** Opening Source information block **
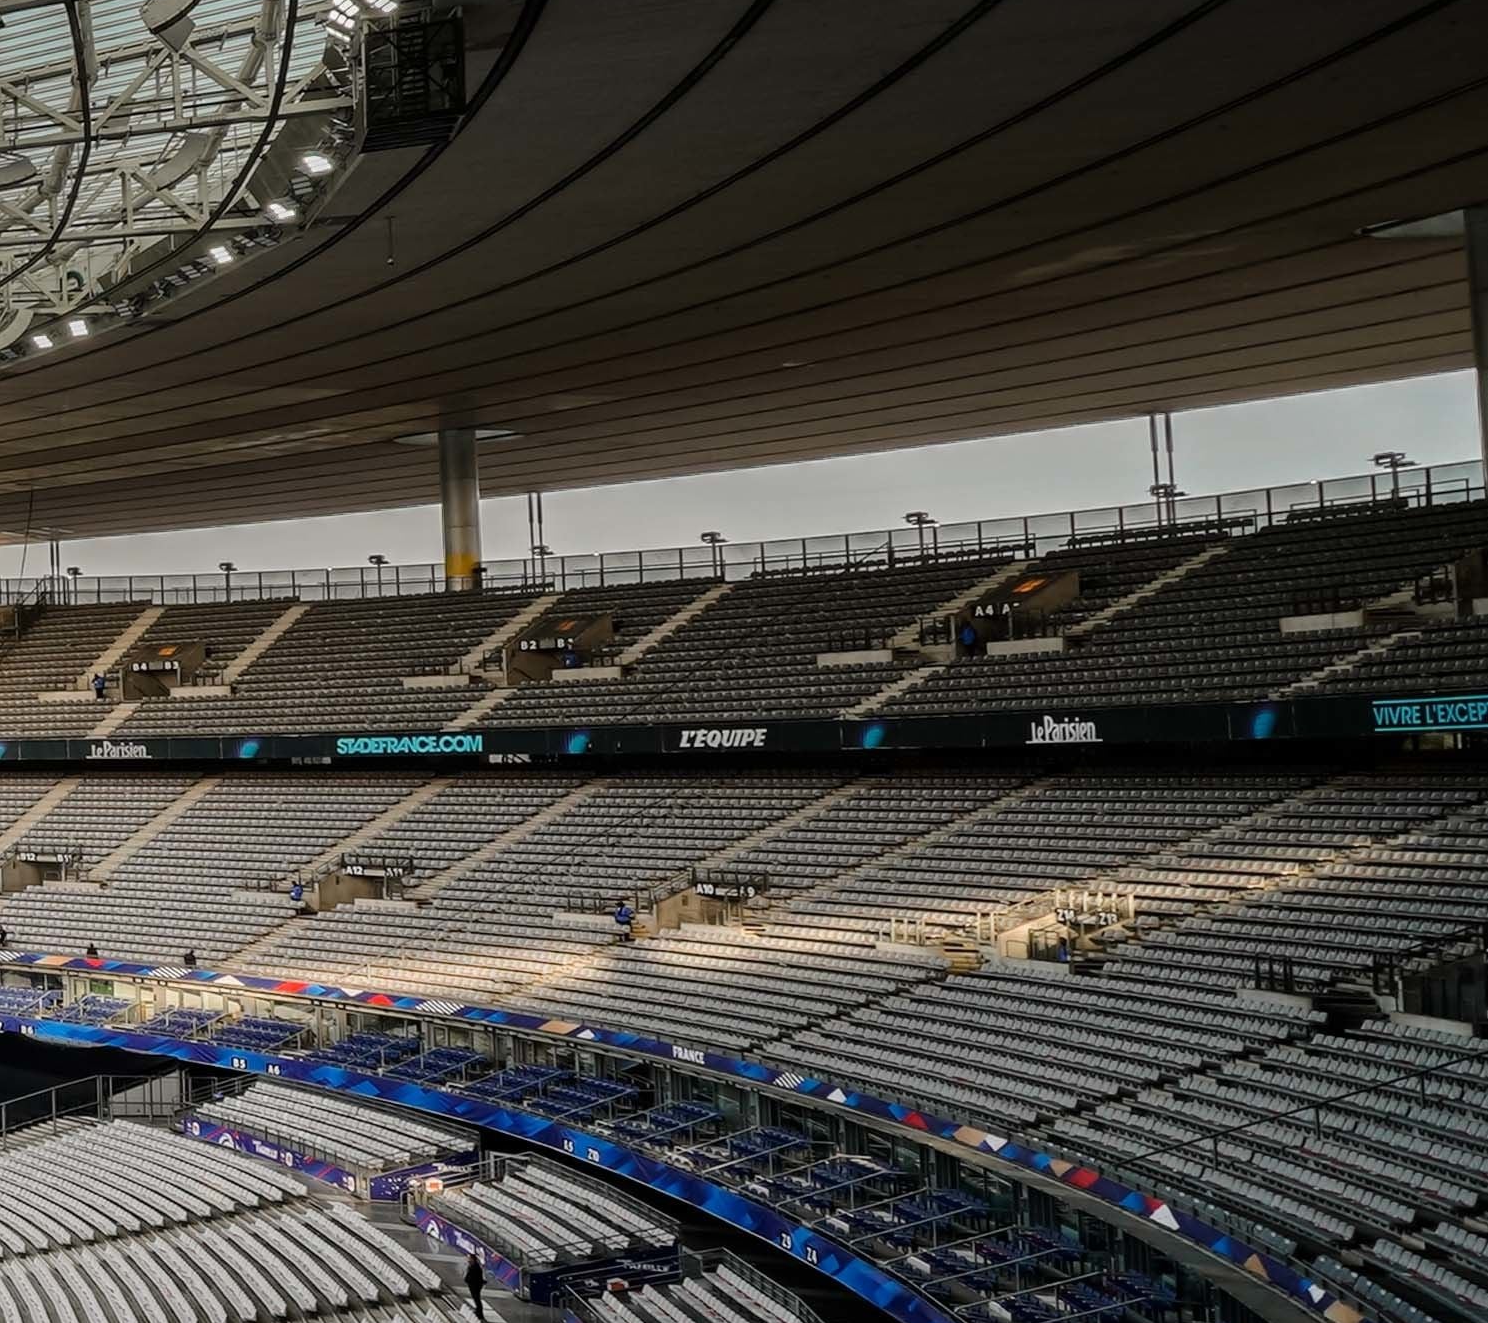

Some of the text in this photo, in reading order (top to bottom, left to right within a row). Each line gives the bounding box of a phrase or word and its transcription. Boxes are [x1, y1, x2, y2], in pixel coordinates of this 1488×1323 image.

[520, 640, 537, 650] B2
[132, 663, 147, 671] B4
[1372, 701, 1488, 726] VIVRE L'EXCEP
[1044, 714, 1096, 741] Parisien
[102, 740, 147, 758] Parisien
[336, 733, 483, 756] STADEFRANCE.COM
[345, 865, 363, 876] A12
[696, 883, 714, 895] A10
[671, 1044, 705, 1066] FRANCE
[232, 1057, 281, 1076] B5 A6
** Closing Source information block **
▶ [Task details] The records above must be returned exactly, with each picture omitted.

▶ [Answer to the problem]
Some of the text in this photo, in reading order (top to bottom, left to right within a row). Each line gives the bounding box of a phrase or word and its transcription. Boxes are [x1, y1, x2, y2], in pixel coordinates of this 1488×1323 image.

[520, 640, 537, 650] B2
[132, 663, 147, 671] B4
[1372, 701, 1488, 726] VIVRE L'EXCEP
[1044, 714, 1096, 741] Parisien
[102, 740, 147, 758] Parisien
[336, 733, 483, 756] STADEFRANCE.COM
[345, 865, 363, 876] A12
[696, 883, 714, 895] A10
[671, 1044, 705, 1066] FRANCE
[232, 1057, 281, 1076] B5 A6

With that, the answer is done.